:: Input material ::

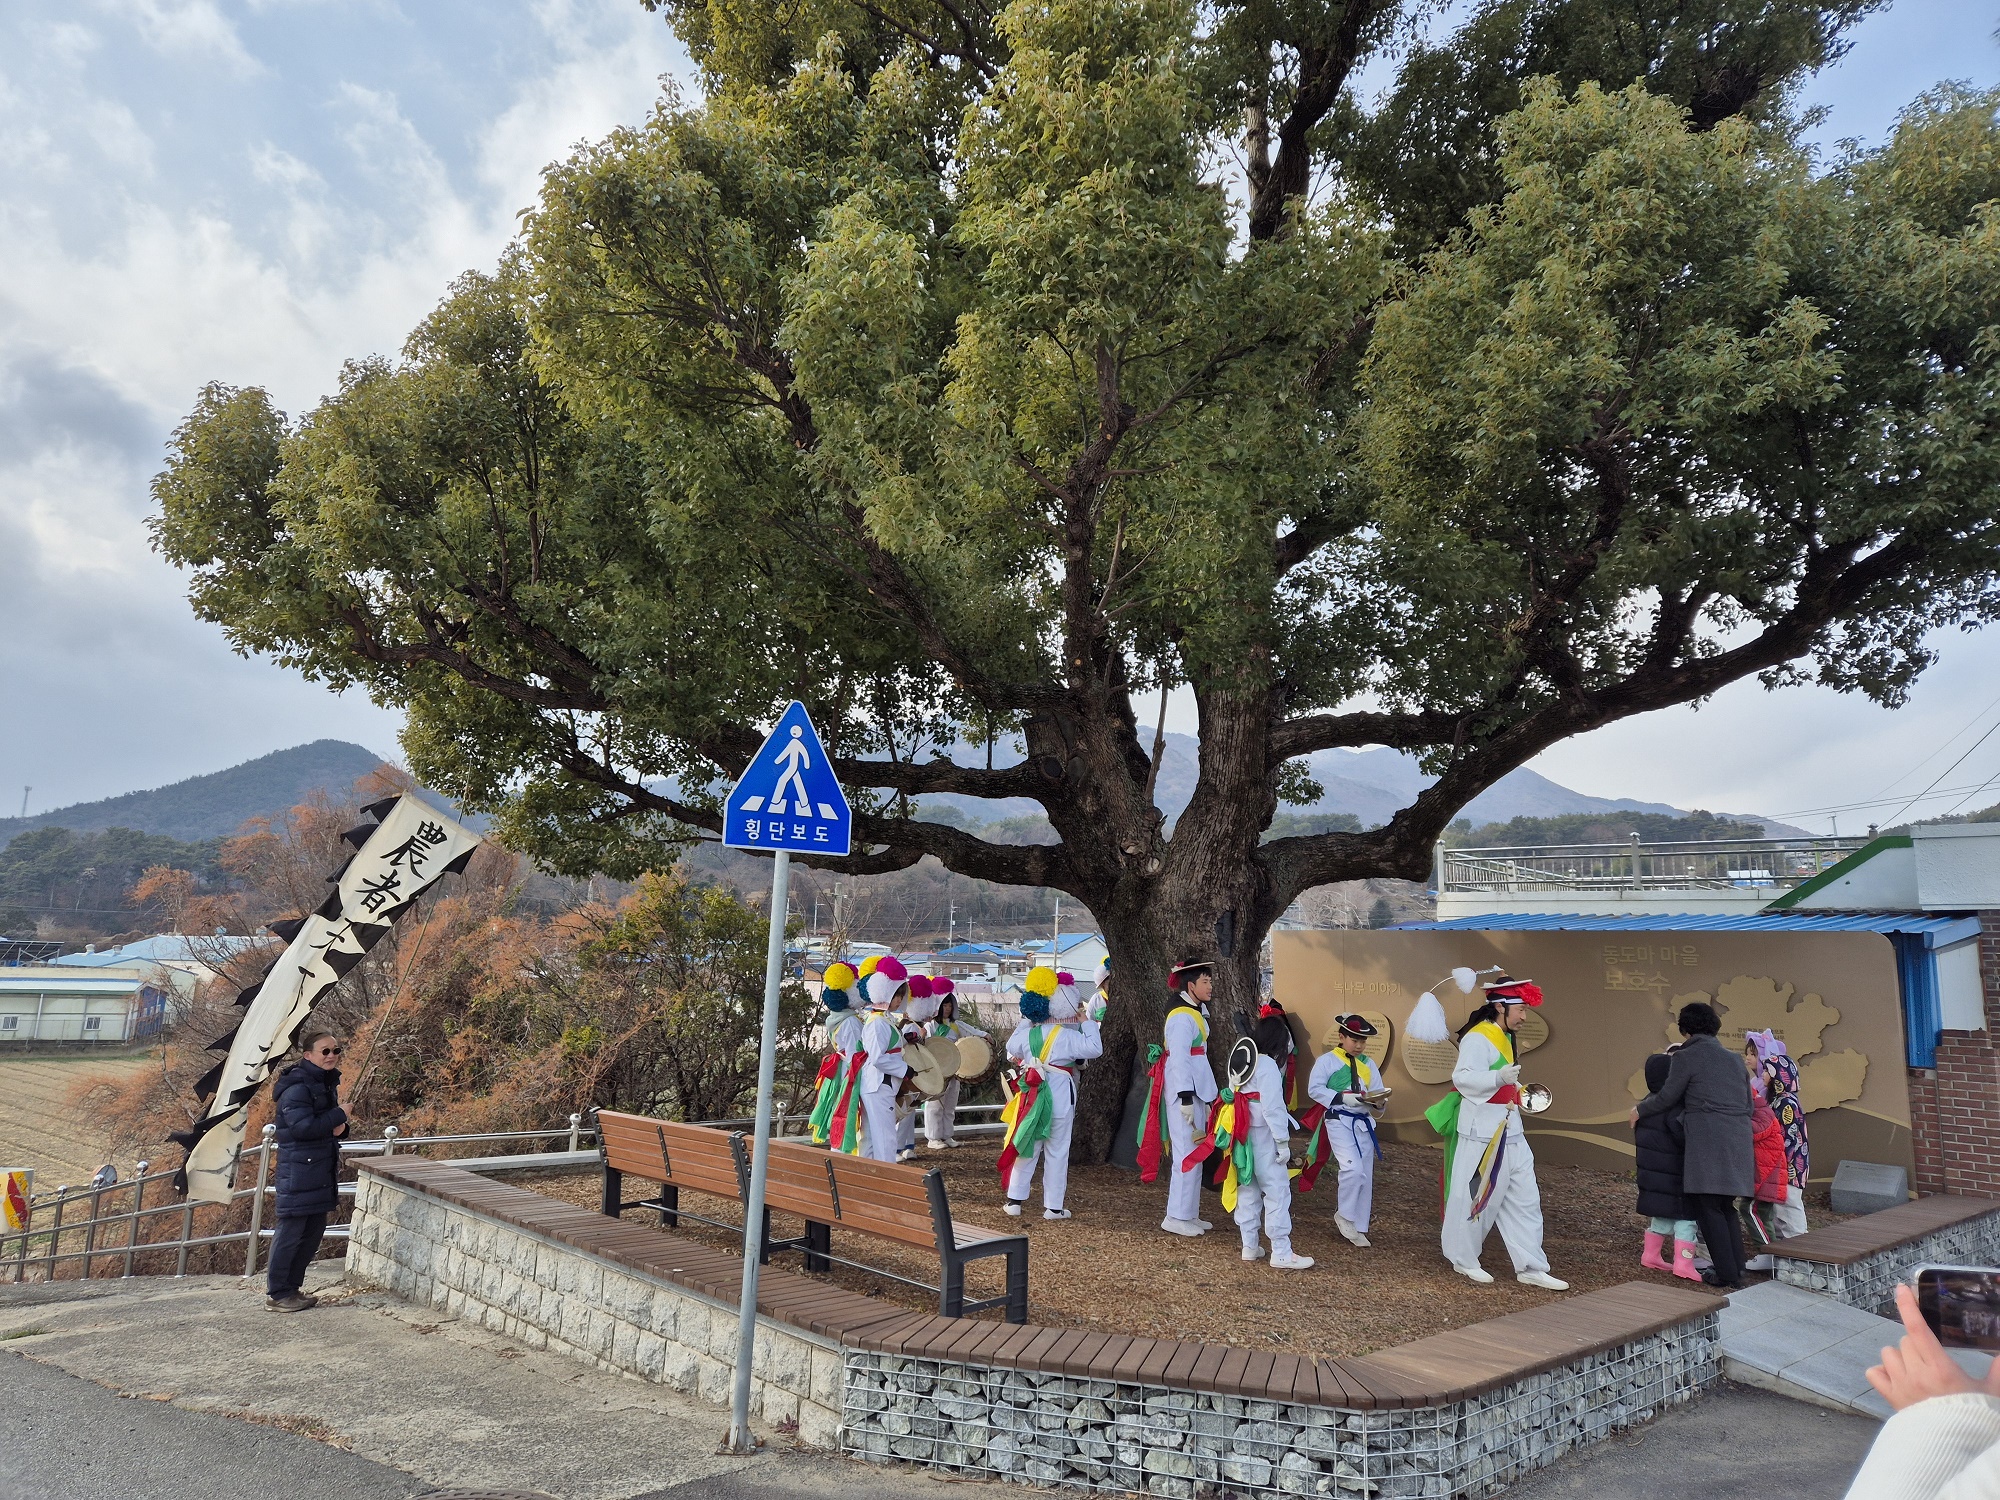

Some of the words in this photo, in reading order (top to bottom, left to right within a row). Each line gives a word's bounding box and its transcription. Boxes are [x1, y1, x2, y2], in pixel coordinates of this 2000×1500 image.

[744, 818, 830, 843] 횡단보도
[1602, 945, 1656, 966] 동도마
[1660, 944, 1700, 967] 마을
[1333, 981, 1366, 995] 녹나무
[1369, 982, 1403, 996] 이야기
[1603, 969, 1672, 995] 보호수
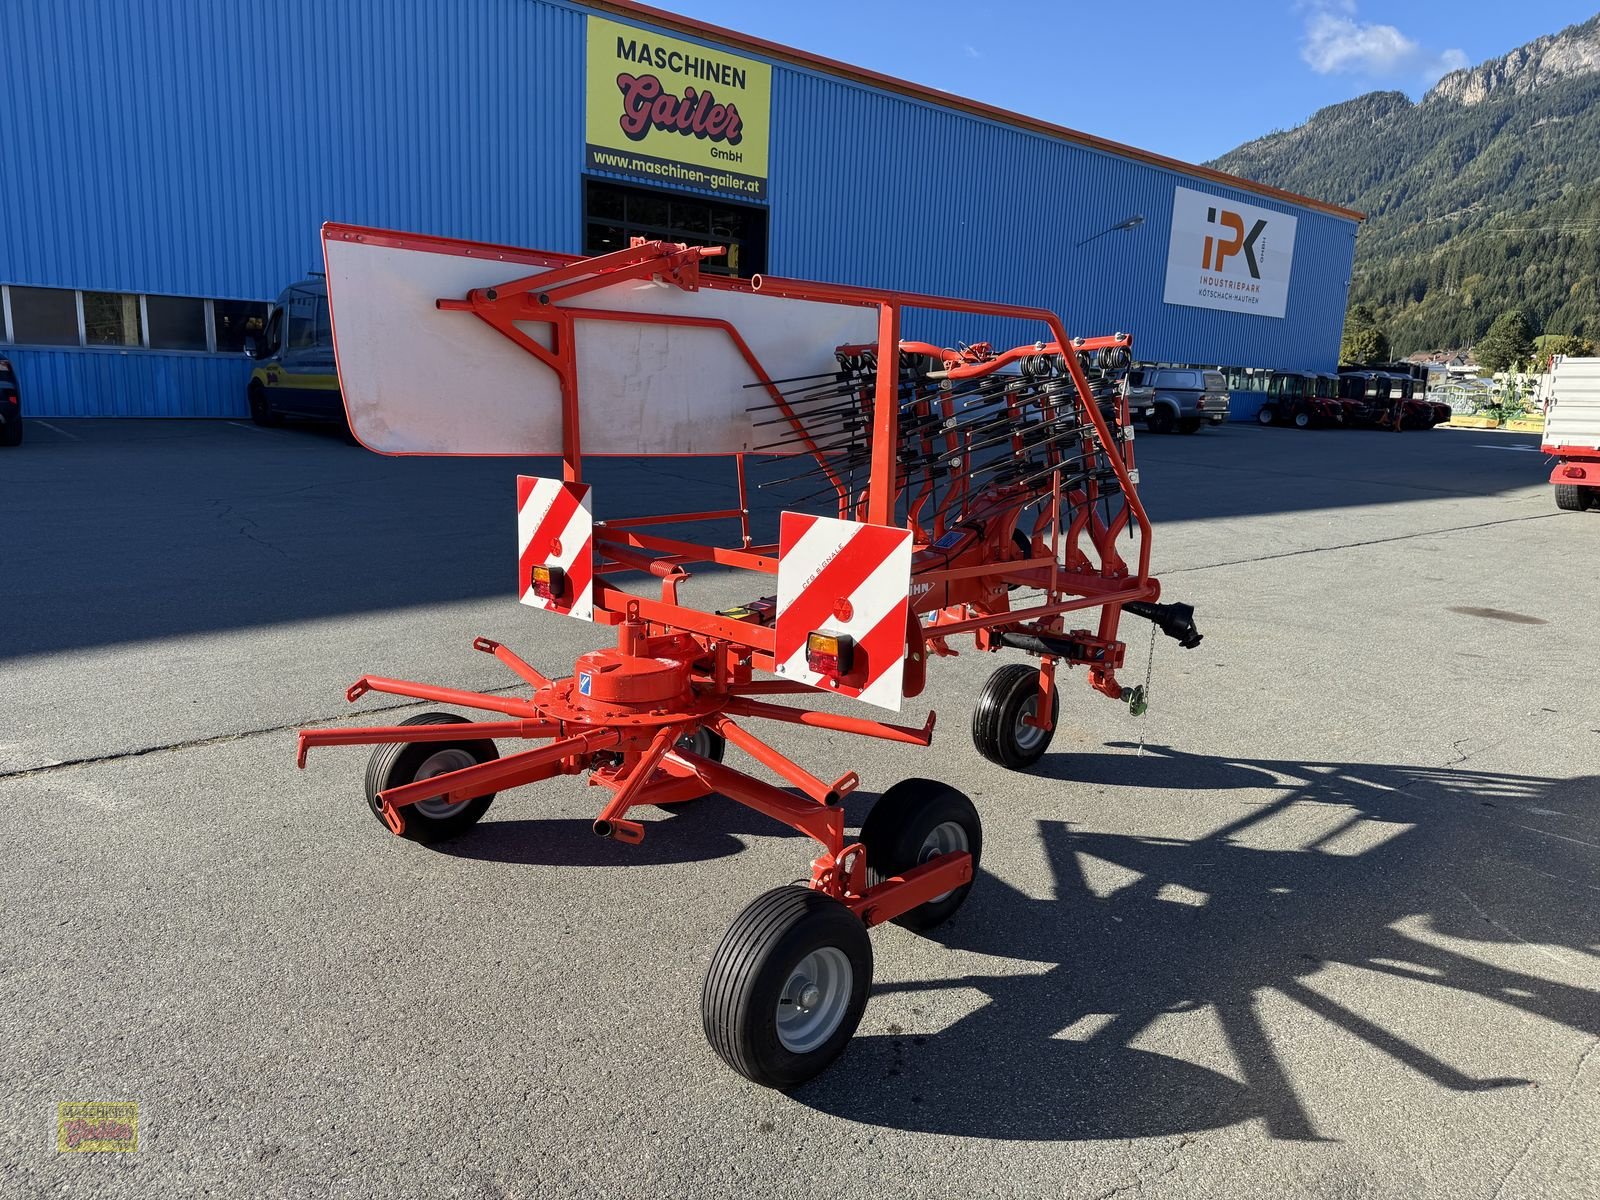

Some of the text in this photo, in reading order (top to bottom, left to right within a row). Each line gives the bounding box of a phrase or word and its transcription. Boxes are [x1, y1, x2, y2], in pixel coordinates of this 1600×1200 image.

:::

Word for word, repeat each record above; leave out every picture.

Some of the words in this photo, in reading order (top to bottom, left to right within a row). Each line gives a word's bounding box and its transcription. Boxes are [x1, y1, x2, y2], in pixel coordinates of this 2000×1500 image.

[744, 818, 830, 843] 횡단보도
[1602, 945, 1656, 966] 동도마
[1660, 944, 1700, 967] 마을
[1333, 981, 1366, 995] 녹나무
[1369, 982, 1403, 996] 이야기
[1603, 969, 1672, 995] 보호수

Some of the text in this photo, in reading order (top to bottom, left to right within a row). Each line gives the bounding box of a phrase or word and its transcription. Boxes are [x1, y1, x2, y2], in pixel coordinates of this 1600×1200 image.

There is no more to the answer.